To test the usefulness of previously reported KS-IRIS predictors [6], we analyzed baseline characteristics of the preceding 11 consecutive cART-naïve AIDS-KS patients referring to the Infectious Diseases Units of Padova and Rovigo, and followed at the Veneto Institute of Oncology for HHV8 diagnostics. All 11 patients had histologically confirmed KS. They had initiated combined antiretroviral therapy (cART) showing immunovirological response, accompanied by KS regression (data not shown), during the first 3 months of follow-up.
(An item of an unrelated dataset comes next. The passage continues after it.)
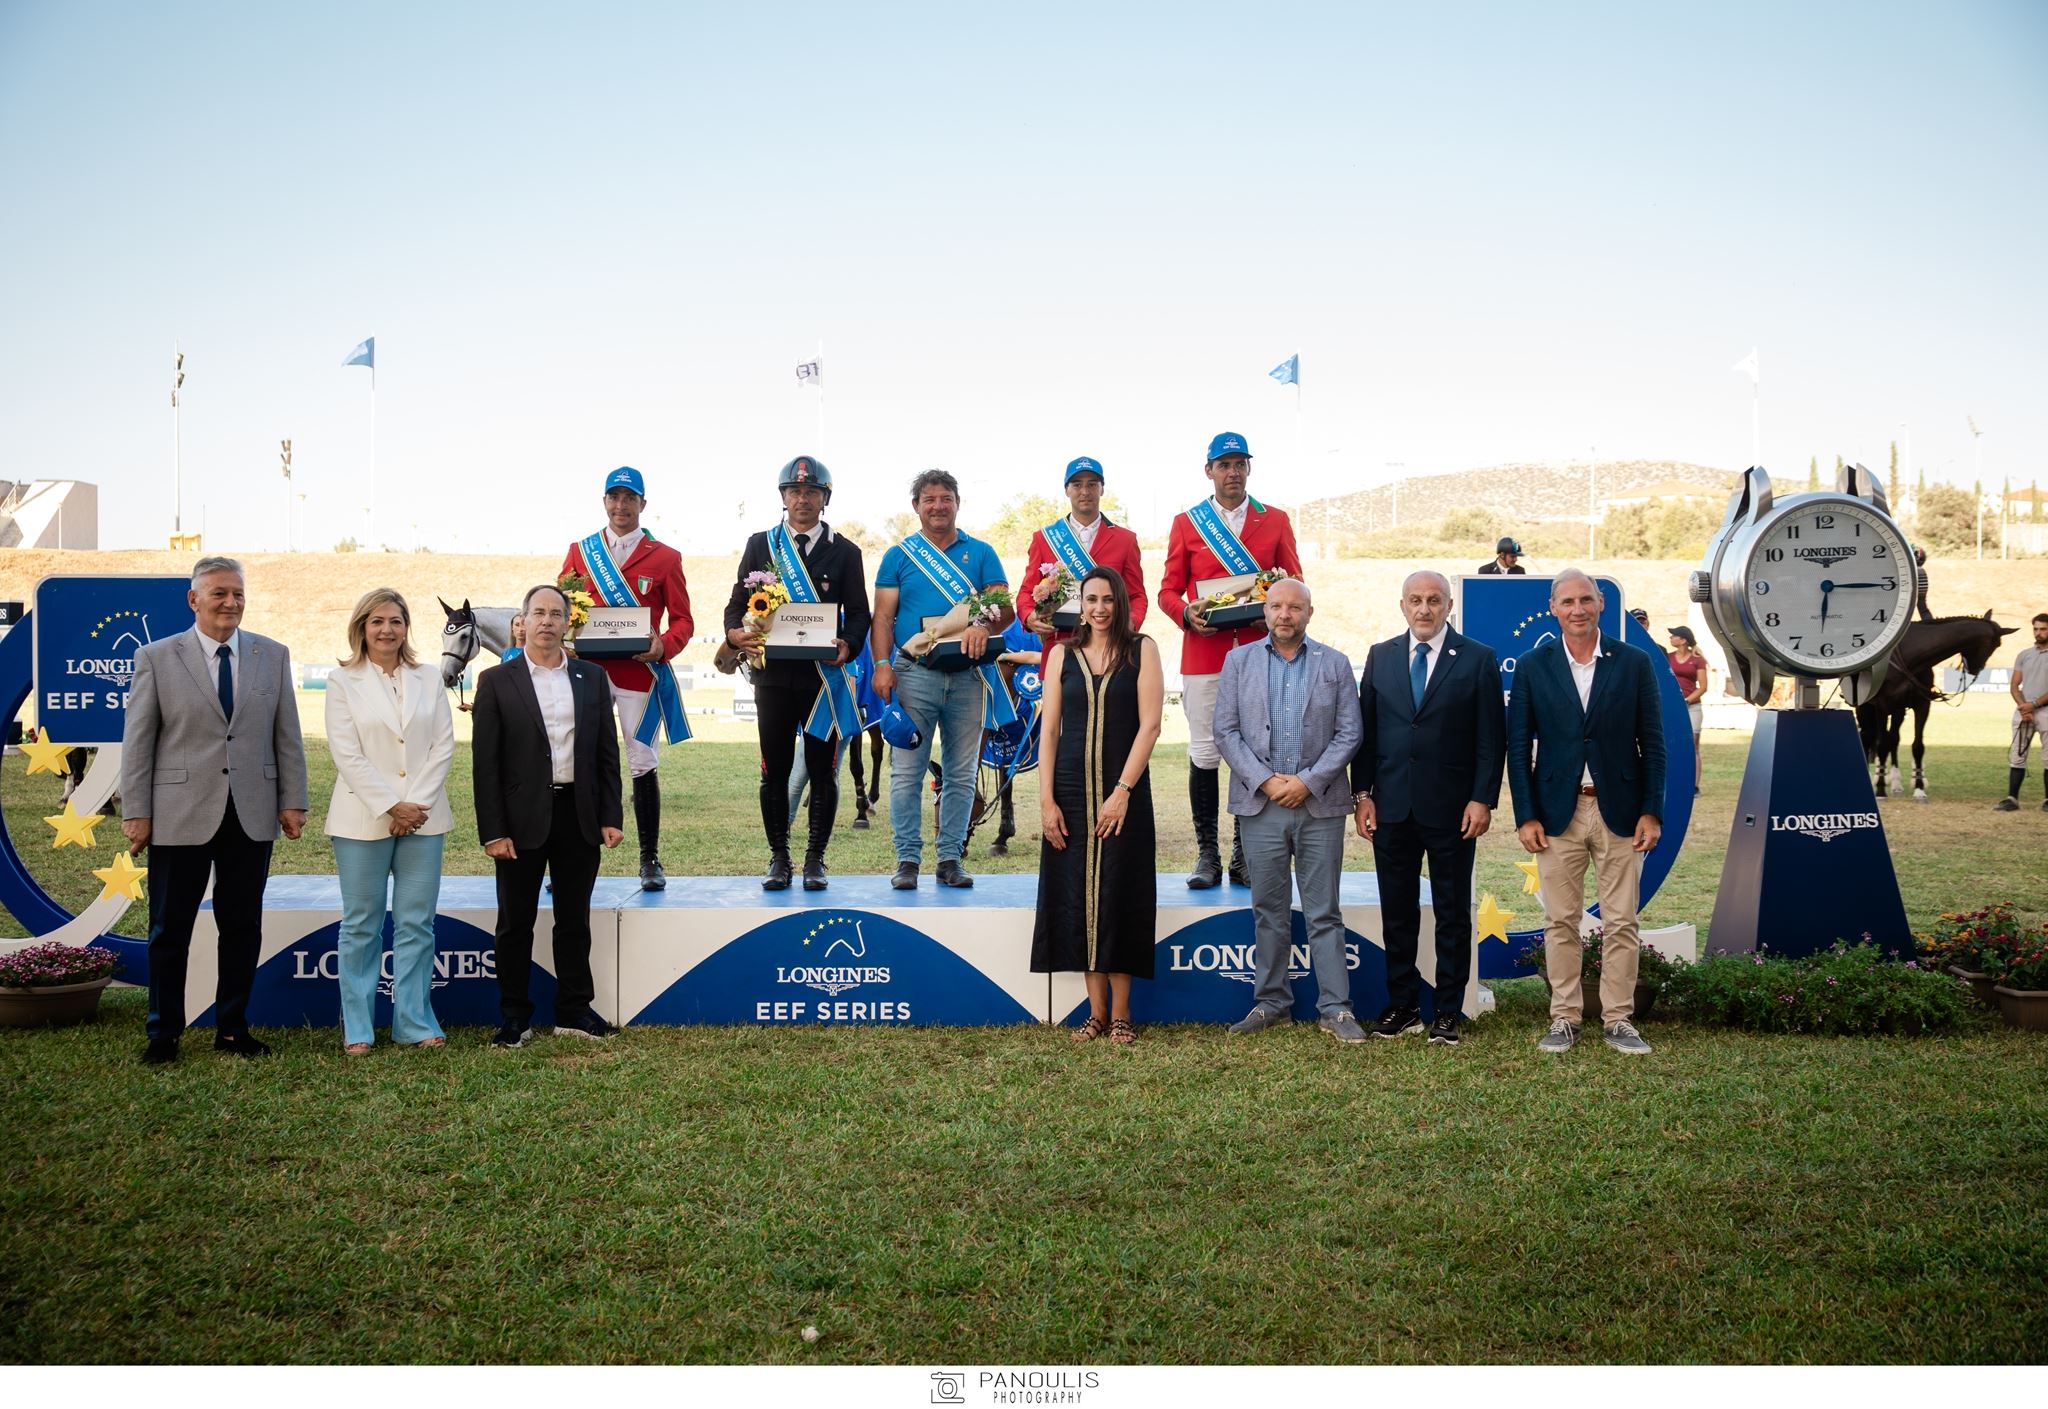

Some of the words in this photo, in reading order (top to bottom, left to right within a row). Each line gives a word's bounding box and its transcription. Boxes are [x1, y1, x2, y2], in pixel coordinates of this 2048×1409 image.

Baseline characteristics of all KS patients are reported in Table 1. In the KS group, data are expressed as median and interquartile range (25th–75th percentile) calculated on the measurable samples. To compare the values of different biomarkers of the KS-IRIS case to those of the KS group, the one-tailed Crawford and Howell t-test was used [11]. No statistically significant differences in CD4 cell counts, plasma HIV RNA load, KS clinical staging [12], HHV8 antibody titers and HHV8 load in PBMC were observed. Conversely, HHV8 load in plasma was measurable in 11 of 12 patients, and was found to be significantly higher in the KS-IRIS case (> 6 log10 GE/ml, p = 0.01) compared to those measured in patients with KS regression. Moreover, HHV8 load in saliva was higher, albeit not statistically significant (p = 0.09), in the KS-IRIS case (Table 1).

Discussion

These findings, although limited to a small cohort, indicate that plasma HHV8 DNA detectability may not be so informative, and are fully in line with previously published studies. Indeed, 78.4 % of ART-naïve AIDS-KS patients from Zimbabwe had measurable plasma load, with a baseline median value of 2.82 log10 copies/ml [6, 7]. Moreover, HHV8 viremia was detectable at study entry in more than 90 % of AIDS-KS patients belonging to the Chelsea and Westminster HIV cohort, one of the largest cohorts in Europe, with a baseline median HHV8 load ranging from 4.6 to 5 log10 copies/ml [13]. The same cohort was analyzed in the pooled analysis [6], and plasma HHV8 DNA detectability, determined only in 104 patients, dropped to 58.3 % in this selected population, as did the baseline median value (2.87 log10 copies/ml) of plasma HHV8 load. We think that these discrepancies might be due to different sensitivities in the quantitative techniques, if samples were independently reanalyzed, or to a unrecognized bias related to the selection of the 104 patients for the pooled analysis. Another population of AIDS-KS patients included in Letang et al. [6] is the Durban cohort, from South Africa [14]; about half of these samples (54/112) were analyzed in the pooled analysis, and 74.1 % of the samples have measurable plasma HHV8 load, with a baseline median value of 2.24 log10 copies/ml [6]. Therefore, most of the individual studies showed high frequencies of HHV8 detectability in plasma, as did our small cohort; these figures are far from the highest, measured or estimated, incidences of KS-IRIS in any analyzed population, indicating that the HHV8 detection per se cannot be a predictive parameter.

Conclusion

This case highlights that, in our small cohort, the measurement of baseline HHV8 load in plasma was useful to identify the patient who experienced a KS-IRIS. Therefore, we recommend including quantification of baseline parameters linked to HHV8 infection status, specifically measurement of HHV8 load in plasma and, possibly, in saliva, in the design of larger studies to define KS-IRIS predictors.

Consent

This study was evaluated and approved by the Ethical Committee of the Veneto Institute of Oncology (Protocol n. 14256), and written informed consent was obtained from study participants.